Tuesday 6 September 2011

Cleaning steps

We have a cellar kitchen with stone steps going down from the outside to the kitchen door. They are very steep stone steps and at this time of year are covered in dead bees.

They are also green. Little sunlight gets to them except at the height of summer. The very tall laurels across from us block the sun. In winter the low angle of the sun and the height of the laurels mean that no sunlight hits the pavement outside our garden or the garden itself, the lowest point being about two foot up the wall of our house. This means that the ice never actually melts when it is really icy pavements because the sun doesn't hit it. The steps are also shaded from the left by tall porch steps and on the right by the shadow from a tall fence. So they get green and covered with algae. This is not good if you are trying to take a large delivery of groceries down the steps to the kitchen.
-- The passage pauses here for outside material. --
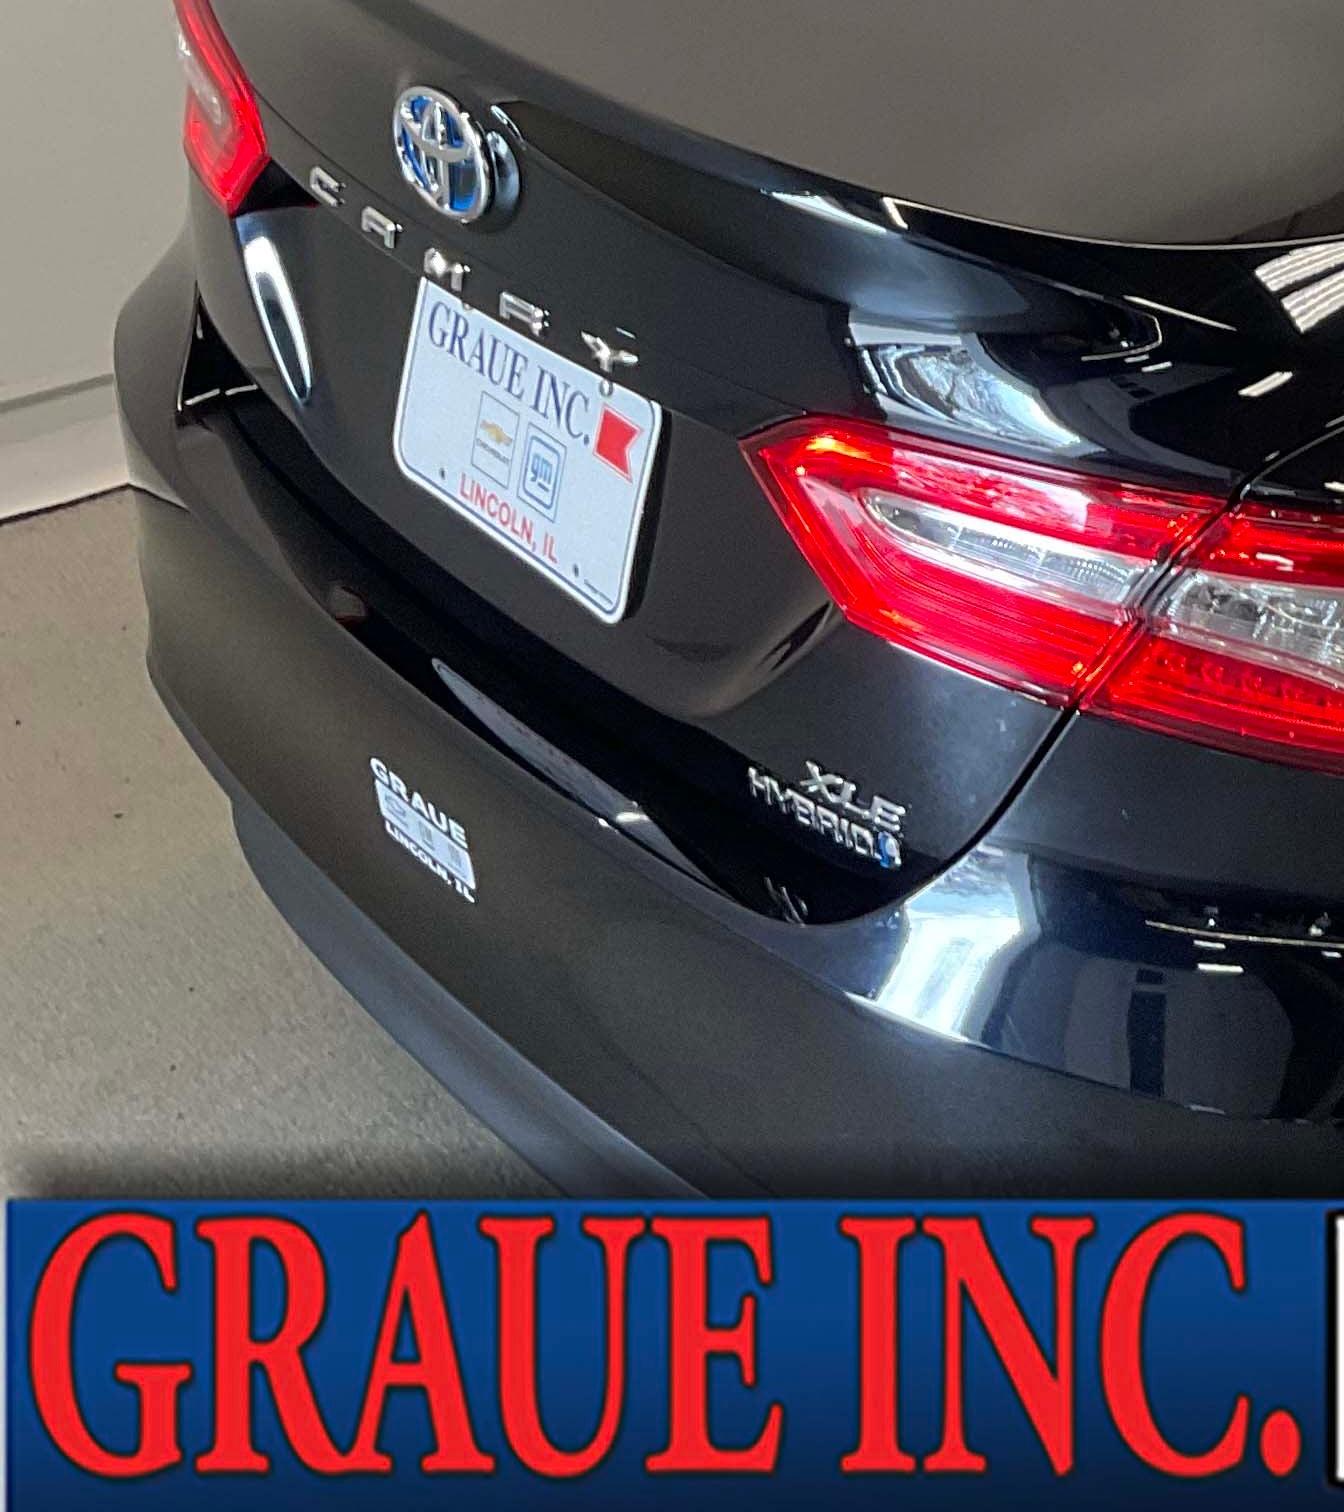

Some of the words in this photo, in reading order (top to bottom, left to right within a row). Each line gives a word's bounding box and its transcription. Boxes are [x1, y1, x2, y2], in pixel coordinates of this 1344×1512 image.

I usually won't allow the delivery drivers to take stuff down for me, I am worried about them slipping.

In the past I have scrubbed them with washing soda and water, soap and water and stardrops and water. This has never been hugely effective, but usually cut through the worst of the slime.

Yesterday even I didn't want to go down the steps. The cool summer and lack of sunlight hitting the steps meant that they were coated. So I called in for a cup of gossip at the local newsagent and picked up some toilet bleach. Then I carefully went down the steps, squirting as I went. The bleach frothed. It may have been the limescale remover component, or the lemon scent, but it looked like it was working hard.

Today I looked out and there were the lovely limestone steps, green free apart from a few streaks at the bottom where I ran out of bleach. It probably isn't old style or economic, but one bottle of cheapo loo bleach solved a lot of health and safety problems. I shall repeat this regularly.